SILDENAFIL INHIBITS PULMONARY HYPERTENSION INDUCED BY LEFT HEART PRESSURE OVERLOAD IN RATS
Pulmonary hypertension (PH) induced by pressure overload of the left heart has recently attracted attention in clinical practice. No specific treatment of PH is approved for this group of patients. We previously described a simple rodent model of this condition. We used this model to test a hypothesis that sildenafil can be beneficial in PH induced by experimental left ventricle pressure overload induced in adult male Wistar rats by partial intravascular obstruction of the ascending aorta. Three weeks after induction of PH, sildenafil was given (25mg/kg), by esophageal gavage once a day for the next 2 weeks (group HFS, N=7). The group HFS was compared to the group of rats with left heart pressure overload lasting 3 weeks with no additional use of sildenafil (group HF, N=9) and with the controls (group C, N=6). Mean pulmonary arterial pressure was significantly lower in the group HFS compared to the group HF (12.9±0.8 mmHg vs. 20.3±1.0 mmHg, p<0.0001, respectively) but was not different from the group C (10.7±1.1 mmHg). Weight of the right ventricle relative to the body weight (RV/BW ratio) as well as right ventricle weight relative to the left ventricle plus septum (RV/LV+S ratio) were significantly lower in the group HFS compared to the group HF (RV/BW ratio: 4.1±0.3.10-4 vs. 6.3±0.8.10-4; p<0.01, respectively and RV/LV+S ratio: 0.23±0.02 vs. 0.41±0.07; p<0.05, respectively) but they were not different in the group HFS compared to the group C in both parameters.
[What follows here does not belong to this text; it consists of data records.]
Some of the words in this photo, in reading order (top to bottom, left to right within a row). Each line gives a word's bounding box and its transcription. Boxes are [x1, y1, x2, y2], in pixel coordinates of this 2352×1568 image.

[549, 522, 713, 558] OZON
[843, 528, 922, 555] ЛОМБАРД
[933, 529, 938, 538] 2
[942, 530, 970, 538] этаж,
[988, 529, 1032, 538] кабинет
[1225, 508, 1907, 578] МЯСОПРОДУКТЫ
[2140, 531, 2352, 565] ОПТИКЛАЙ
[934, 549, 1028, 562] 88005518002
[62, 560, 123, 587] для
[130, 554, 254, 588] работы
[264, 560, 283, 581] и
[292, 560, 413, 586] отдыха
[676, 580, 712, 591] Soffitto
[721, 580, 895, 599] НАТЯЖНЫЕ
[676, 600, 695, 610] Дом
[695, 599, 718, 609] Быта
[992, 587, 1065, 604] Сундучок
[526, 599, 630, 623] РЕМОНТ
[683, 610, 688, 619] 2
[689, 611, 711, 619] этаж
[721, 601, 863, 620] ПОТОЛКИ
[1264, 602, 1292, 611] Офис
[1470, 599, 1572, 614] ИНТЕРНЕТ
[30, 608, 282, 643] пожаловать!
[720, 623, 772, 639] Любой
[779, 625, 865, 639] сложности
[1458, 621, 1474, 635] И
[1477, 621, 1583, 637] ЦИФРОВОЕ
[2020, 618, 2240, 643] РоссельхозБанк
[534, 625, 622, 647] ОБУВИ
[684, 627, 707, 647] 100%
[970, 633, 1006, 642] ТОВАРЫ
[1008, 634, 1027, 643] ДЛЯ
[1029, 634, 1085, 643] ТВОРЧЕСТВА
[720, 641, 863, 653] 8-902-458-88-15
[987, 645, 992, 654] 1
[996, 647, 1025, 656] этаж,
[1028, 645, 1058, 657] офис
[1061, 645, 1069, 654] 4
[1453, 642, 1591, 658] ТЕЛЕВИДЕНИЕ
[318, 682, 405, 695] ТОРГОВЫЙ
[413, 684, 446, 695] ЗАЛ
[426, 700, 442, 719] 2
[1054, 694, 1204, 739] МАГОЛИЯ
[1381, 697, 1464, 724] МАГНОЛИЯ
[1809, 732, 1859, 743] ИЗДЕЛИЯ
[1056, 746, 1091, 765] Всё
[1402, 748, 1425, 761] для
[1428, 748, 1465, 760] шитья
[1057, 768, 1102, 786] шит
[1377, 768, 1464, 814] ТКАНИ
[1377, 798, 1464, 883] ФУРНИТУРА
The amount of expired nitric oxide, measured by chemiluminescent method on day 10 of the left heart pressure overload, was significantly increased in the group HF compared to the group C (343.0±30.5 pg/min/100g vs. 239.8±18.2 pg/min/100g; p<0.05, respectively).
Sildenafil attenuated the developed pulmonary hypertension caused by the left heart pressure overload in the rats.